Chesnut heard the "heavy booming" of a signal gun. "I sprang out of bed,"
she remembered, "and on my knees, prostrate, I prayed as I had never
prayed before." The American Civil War had begun. "Woe to those who began
this war," she warned, "if they were not in bitter
earnest."
But the men who struck the first blow of the conflict were nothing if not
in bitter earnest as they fired the first of more than three thousand
shells at Sumter. The object of all this violence, a lightly-armed pile of
masonry off in the darkness of Charleston Harbor, was of no particular
military value either to the United States or the newly-proclaimed
Confederate States of America. But it had suddenly become the focus and
the symbol of the political and social antagonisms that had divided North
and South for the previous half-century. The long, complex, acrimonious
national debate about free labor and slavery, about the primacy of the
Union and the sovereignty of the states, about the meaning of liberty
itself, had at last found decisively violent expression in this time and
place. A Southerner at the scene thought that "All the pent-up hatred of
the past months and years is voiced in the thunder of these
cannon."
Some of the dramatis personae on the South Carolina shore suggested the
long foreground of the conflict. When General Pierre Gustave Toutant
Beauregard gave the order to fire on Sumter, his batteries were commanded
by a general with the evocative name of States Rights Gist. Gist offered
the honor of firing the first shot to Roger Pryor, a Virginia Congressman
and long-time advocate of secession. A few days earlier Pryor had urged a
Charleston crowd to "Strike a blow!" Still, when the moment came, the
thought of the awful consequences of that blow weighed too heavily on
Pryor. Who actually fired the first shot on that dark April morning is not
clear from this distance, but a fire-eating secessionist named Edmund
Ruffin could justly claim to have fired one of the first in that
thunderous opening volley. And there is a certain poetic justice to his
claim, for Ruffin's development of new fertilizers and innovations in
land-use patterns a quarter of a century earlier had revitalized Southern
soil nearly exhausted by the cultivation of cotton. As a volunteer with
the Palmetto Guards on Morris Island, Ruffin was offered the honor of
striking the first blow and embraced no reservations when it came to
shooting at the "vile Yankee race." Ruffin was, as he said, "highly
gratified by the compliment and delighted to perform the service." For the
next thirty-six hours Confederate batteries hammered away at the helpless
fort. A little after noon on the fourteenth of April the Union commander,
Major Robert Anderson, hauled down his flag and surrendered his fort to
General Beauregard, his former student of artillery at West Point.

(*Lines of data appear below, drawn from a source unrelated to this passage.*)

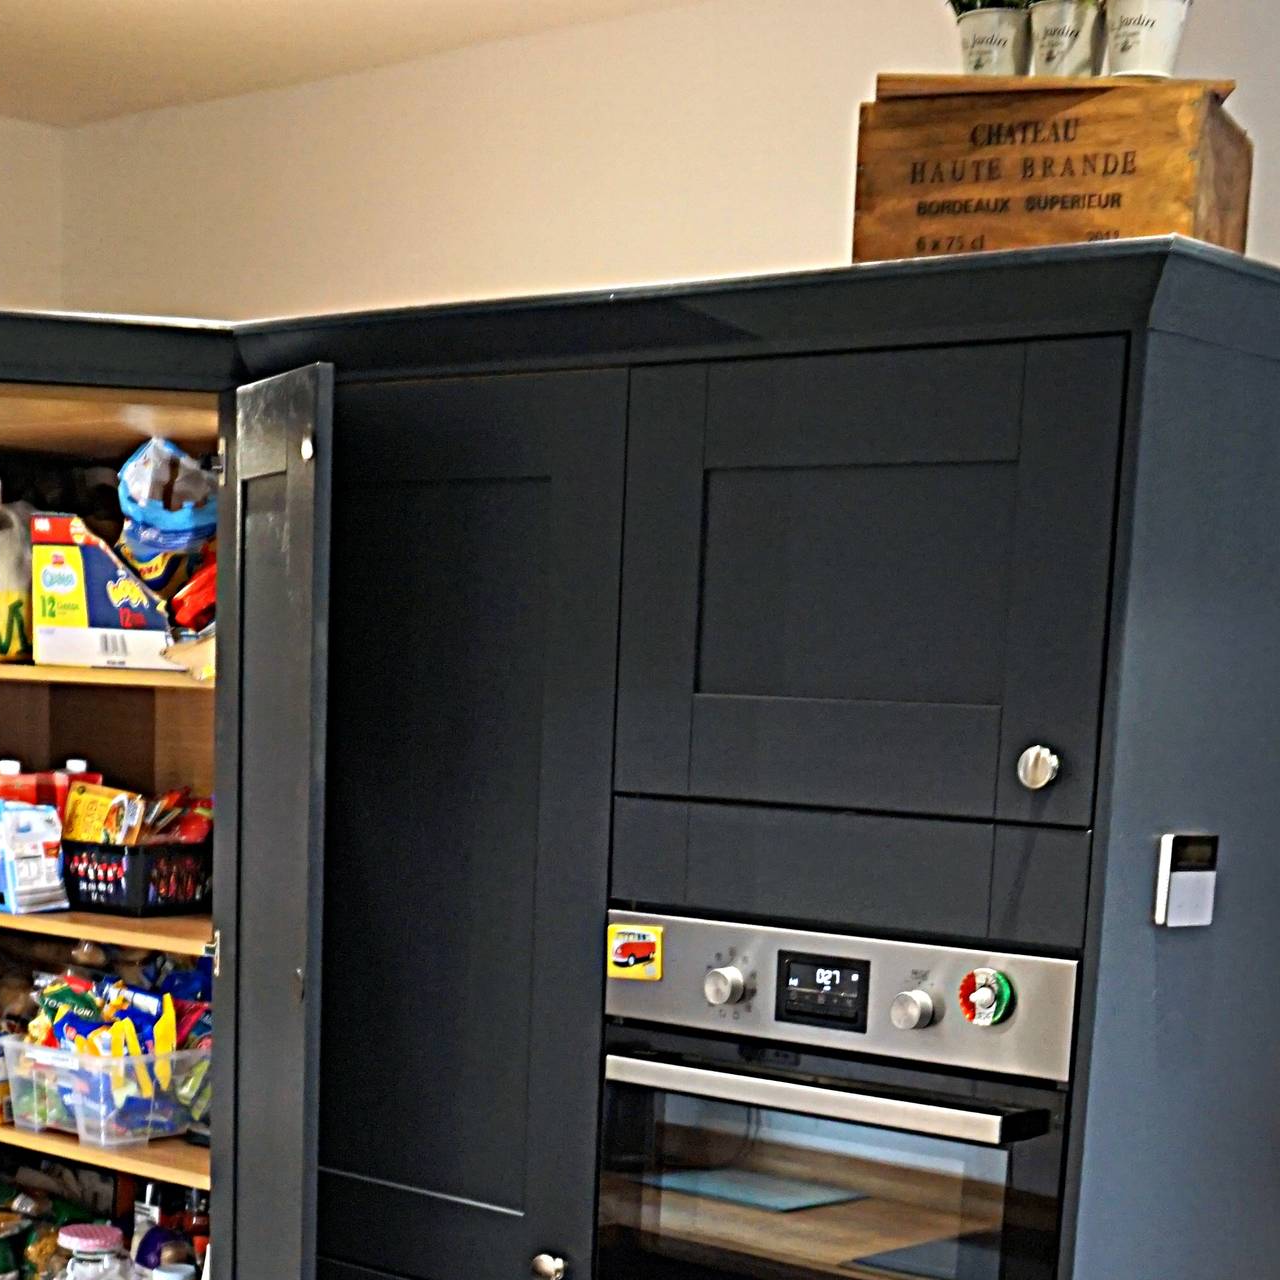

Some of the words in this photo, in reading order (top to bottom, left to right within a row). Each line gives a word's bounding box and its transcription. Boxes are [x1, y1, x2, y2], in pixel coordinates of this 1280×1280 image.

[971, 118, 1080, 146] CHATEAU
[910, 157, 1001, 184] HAUTE
[1022, 151, 1137, 179] BRANDE
[916, 197, 1010, 216] BORDEAUX
[1024, 193, 1122, 212] SUPERIEUR
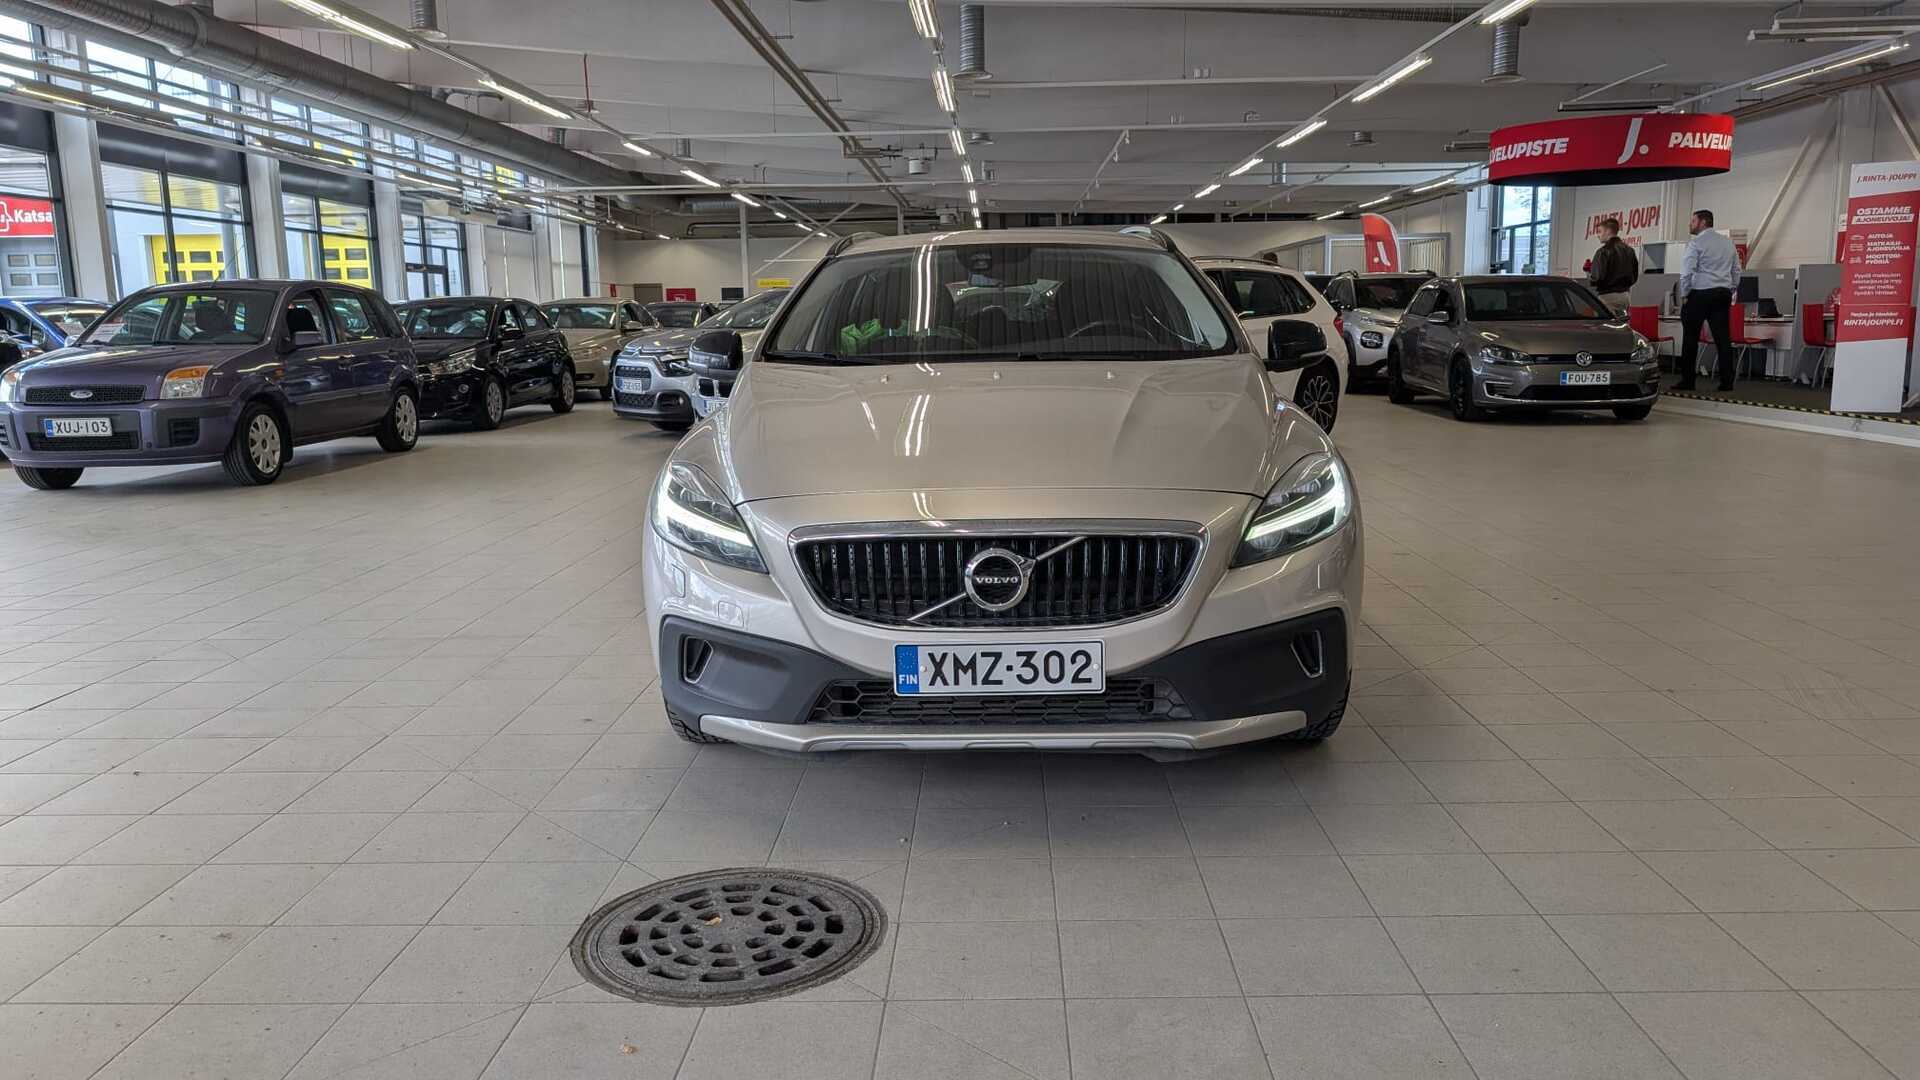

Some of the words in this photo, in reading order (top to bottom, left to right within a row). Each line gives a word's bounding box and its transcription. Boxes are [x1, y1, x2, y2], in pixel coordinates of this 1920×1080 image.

[1857, 206, 1911, 215] OSTAMME
[55, 420, 109, 434] XUJ-103
[975, 576, 1019, 584] VOLVO
[899, 674, 918, 685] FIN
[927, 650, 1093, 687] XMZ-302

Incredibly, despite the four thousand or so shells fired by both sides,
hostile fire killed no one. America's deadliest war had commenced without
a combat death. A good deal of popular talk held that Southern
independence was all but accomplished. A lady's thimble, it was said,
would hold all the blood necessary to achieve it. Perhaps the American
people had been better served if more of them had thought long and hard
about the implications of civil war, thoughts that occurred to Congressman
Pryor apparently only in the last moments of peace. Sam Houston of Texas
warned the South that independence was no more than "a bare possibility."

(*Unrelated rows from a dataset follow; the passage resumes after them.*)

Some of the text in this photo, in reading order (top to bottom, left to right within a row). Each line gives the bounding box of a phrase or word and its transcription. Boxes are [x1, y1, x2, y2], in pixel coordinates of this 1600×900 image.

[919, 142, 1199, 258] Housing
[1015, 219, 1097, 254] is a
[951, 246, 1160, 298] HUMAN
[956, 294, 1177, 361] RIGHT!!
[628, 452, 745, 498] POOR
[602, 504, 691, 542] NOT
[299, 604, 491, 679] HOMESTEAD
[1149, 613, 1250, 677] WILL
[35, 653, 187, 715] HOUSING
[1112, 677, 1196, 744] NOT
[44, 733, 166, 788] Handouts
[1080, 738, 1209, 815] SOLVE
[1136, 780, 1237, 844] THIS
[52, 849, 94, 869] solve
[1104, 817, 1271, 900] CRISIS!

Achieving it--if it could be achieved at all--would mean the "sacrifice of
countless millions of treasure and hundreds of thousands of lives." But in
the heady enthusiasm evoked by the easy conquest of Sumter few heeded that
prophetic voice. Fewer still seemed to recognize that despite increasingly
angry rhetoric from both sides about an "irrepressible conflict, "there
was nothing inevitable about the coming of this storm....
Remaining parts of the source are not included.